▶ [WORK TASK]: Beginning at the line that contains "this 1344×1512 image.", return every remaining line of the data below exactly; return nothing before it.
==== PROVIDED DATA
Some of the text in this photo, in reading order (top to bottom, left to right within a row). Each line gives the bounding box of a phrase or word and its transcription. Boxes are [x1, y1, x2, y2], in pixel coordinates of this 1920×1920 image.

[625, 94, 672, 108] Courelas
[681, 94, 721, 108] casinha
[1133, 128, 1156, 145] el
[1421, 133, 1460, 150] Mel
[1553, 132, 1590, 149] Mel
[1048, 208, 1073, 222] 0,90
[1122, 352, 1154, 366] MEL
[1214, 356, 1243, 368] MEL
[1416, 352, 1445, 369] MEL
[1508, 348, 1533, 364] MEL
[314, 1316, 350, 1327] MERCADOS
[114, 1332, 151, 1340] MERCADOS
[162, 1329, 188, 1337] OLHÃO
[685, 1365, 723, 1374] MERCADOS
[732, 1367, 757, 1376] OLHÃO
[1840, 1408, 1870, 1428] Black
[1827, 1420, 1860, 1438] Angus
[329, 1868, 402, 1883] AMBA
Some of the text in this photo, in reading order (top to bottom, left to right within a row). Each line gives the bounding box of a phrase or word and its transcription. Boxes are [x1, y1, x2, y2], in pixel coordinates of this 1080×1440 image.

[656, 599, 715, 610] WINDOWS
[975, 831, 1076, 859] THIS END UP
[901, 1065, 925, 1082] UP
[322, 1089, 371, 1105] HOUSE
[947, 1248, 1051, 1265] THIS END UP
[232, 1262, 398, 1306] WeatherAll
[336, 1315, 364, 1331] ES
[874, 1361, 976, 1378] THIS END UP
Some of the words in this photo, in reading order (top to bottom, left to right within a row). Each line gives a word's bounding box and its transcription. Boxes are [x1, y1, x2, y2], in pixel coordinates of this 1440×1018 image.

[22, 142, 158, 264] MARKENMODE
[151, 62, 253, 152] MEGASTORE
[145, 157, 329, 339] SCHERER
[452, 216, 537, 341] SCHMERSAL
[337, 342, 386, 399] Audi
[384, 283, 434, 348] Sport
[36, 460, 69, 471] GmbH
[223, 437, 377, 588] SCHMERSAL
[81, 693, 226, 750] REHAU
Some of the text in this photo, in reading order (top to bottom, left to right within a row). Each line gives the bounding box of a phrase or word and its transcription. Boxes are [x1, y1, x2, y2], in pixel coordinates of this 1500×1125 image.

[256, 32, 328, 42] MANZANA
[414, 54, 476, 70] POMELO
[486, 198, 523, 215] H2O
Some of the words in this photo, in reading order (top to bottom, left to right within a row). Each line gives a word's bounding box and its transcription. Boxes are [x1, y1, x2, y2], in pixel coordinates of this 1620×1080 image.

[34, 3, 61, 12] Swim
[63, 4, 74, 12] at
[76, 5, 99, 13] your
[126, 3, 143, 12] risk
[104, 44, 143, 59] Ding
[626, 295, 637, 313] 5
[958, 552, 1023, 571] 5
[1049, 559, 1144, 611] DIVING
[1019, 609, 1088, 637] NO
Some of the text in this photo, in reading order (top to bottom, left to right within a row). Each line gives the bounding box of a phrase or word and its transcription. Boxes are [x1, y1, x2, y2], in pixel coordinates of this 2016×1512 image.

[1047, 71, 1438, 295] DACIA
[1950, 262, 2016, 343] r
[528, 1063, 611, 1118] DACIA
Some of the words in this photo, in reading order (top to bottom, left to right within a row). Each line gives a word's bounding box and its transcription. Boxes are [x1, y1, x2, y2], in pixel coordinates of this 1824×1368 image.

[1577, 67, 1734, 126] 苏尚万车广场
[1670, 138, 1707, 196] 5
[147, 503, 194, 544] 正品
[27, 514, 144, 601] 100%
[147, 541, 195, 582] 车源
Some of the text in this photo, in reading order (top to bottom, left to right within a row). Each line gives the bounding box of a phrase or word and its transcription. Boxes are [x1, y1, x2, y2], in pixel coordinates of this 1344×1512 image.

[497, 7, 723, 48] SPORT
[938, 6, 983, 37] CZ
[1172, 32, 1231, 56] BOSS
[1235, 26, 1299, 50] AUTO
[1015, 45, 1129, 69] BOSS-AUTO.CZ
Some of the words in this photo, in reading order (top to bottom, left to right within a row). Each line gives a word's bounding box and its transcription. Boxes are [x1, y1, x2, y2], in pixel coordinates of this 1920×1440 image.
========
▶ [EXPECTED ANSWER]:
Some of the text in this photo, in reading order (top to bottom, left to right within a row). Each line gives the bounding box of a phrase or word and its transcription. Boxes are [x1, y1, x2, y2], in pixel coordinates of this 1344×1512 image.

[497, 7, 723, 48] SPORT
[938, 6, 983, 37] CZ
[1172, 32, 1231, 56] BOSS
[1235, 26, 1299, 50] AUTO
[1015, 45, 1129, 69] BOSS-AUTO.CZ
Some of the words in this photo, in reading order (top to bottom, left to right within a row). Each line gives a word's bounding box and its transcription. Boxes are [x1, y1, x2, y2], in pixel coordinates of this 1920×1440 image.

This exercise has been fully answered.